The Game of Giantesses

One of the scariest moments in my life happened in Wales. It wasn’t a storm from the Irish Sea or a plane crash or even a bar fight. It was just a game.

I’d saved up enough vacation time for two solid weeks of travel. That’s to say, nine days: I planned my trip around a holiday and its three-day weekend. That doesn’t sound like much but my job’s benefits are shit, and it took two years of keeping my nose to the grindstone and never being sick. Well, “never”: I was passing-out sick with the flu for a week, but I kept coming in to do my job. I’m sure I infected a few people but my boss is an asshole and he never noticed my condition. He’s one of those petty power-mongers that…

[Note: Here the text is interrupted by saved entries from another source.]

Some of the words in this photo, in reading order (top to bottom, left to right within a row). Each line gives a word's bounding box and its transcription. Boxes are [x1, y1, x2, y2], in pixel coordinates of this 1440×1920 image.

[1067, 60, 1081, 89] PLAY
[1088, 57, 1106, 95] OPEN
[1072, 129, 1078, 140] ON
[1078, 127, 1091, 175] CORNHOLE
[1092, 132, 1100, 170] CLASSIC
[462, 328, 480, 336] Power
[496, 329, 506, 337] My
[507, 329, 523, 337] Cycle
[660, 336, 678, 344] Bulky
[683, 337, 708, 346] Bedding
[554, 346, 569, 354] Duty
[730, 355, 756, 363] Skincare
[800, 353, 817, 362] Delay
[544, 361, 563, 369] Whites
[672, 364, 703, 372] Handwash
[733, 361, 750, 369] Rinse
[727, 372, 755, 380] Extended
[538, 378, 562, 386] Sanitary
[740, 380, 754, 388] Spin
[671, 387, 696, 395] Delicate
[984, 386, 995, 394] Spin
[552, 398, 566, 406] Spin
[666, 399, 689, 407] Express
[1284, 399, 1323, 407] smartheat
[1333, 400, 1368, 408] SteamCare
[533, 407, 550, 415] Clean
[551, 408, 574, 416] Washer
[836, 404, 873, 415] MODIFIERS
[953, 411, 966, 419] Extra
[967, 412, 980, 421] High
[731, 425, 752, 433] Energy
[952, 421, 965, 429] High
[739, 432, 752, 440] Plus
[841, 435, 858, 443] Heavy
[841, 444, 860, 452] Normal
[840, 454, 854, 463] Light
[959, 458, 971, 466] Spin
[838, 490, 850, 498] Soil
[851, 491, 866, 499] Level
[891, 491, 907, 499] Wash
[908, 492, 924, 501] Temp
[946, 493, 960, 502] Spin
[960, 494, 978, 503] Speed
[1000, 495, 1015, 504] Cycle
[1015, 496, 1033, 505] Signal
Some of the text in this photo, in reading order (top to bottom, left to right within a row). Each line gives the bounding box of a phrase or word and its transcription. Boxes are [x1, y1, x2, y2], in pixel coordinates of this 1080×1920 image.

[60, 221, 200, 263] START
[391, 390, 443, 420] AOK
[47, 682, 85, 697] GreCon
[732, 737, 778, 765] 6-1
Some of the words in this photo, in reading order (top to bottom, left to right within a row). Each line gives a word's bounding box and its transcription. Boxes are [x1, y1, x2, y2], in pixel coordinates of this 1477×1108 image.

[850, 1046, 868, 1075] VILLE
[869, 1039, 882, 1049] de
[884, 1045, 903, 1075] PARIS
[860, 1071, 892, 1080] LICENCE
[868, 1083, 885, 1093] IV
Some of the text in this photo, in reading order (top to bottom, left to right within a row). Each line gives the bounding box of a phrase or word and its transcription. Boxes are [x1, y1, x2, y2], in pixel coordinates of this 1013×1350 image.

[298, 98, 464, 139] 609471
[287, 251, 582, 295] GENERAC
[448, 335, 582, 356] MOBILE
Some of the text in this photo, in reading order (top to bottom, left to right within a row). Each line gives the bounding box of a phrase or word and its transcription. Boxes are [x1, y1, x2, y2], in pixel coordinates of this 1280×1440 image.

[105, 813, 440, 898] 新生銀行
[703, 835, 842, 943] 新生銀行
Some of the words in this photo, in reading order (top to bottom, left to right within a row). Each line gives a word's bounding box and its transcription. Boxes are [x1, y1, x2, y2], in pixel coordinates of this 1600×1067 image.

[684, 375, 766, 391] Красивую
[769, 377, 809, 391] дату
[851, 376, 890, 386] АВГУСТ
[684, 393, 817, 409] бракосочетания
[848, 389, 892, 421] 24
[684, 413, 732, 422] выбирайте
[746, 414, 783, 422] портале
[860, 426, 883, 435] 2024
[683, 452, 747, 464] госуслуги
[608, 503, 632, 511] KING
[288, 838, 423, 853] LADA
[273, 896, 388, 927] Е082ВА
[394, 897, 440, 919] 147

I digress. I just want to emphasize that it took a lot of effort and concentration to save up for two whole weeks of vacation. And when I requested it, sure, my boss looked like he was considering firing me. What I had going for me wasn’t my argument: I printed out a stack of articles about how going on vacation is good for productivity, how it’s essential for mental and physical health, how it costs less than the burden on the health care system from not taking a break. No, he turned that around on me and tried to accuse me of embezzling office supplies to print these out, until I showed him my receipt from Kinko’s. No, the persuasive argument was that this asshole had already been taken to task by HR for firing someone else who wanted their rightfully earned vacation time. Some smart-ass in Finance ran up a report on how his trial actually cost the company three times as much as it did to train in a new employee.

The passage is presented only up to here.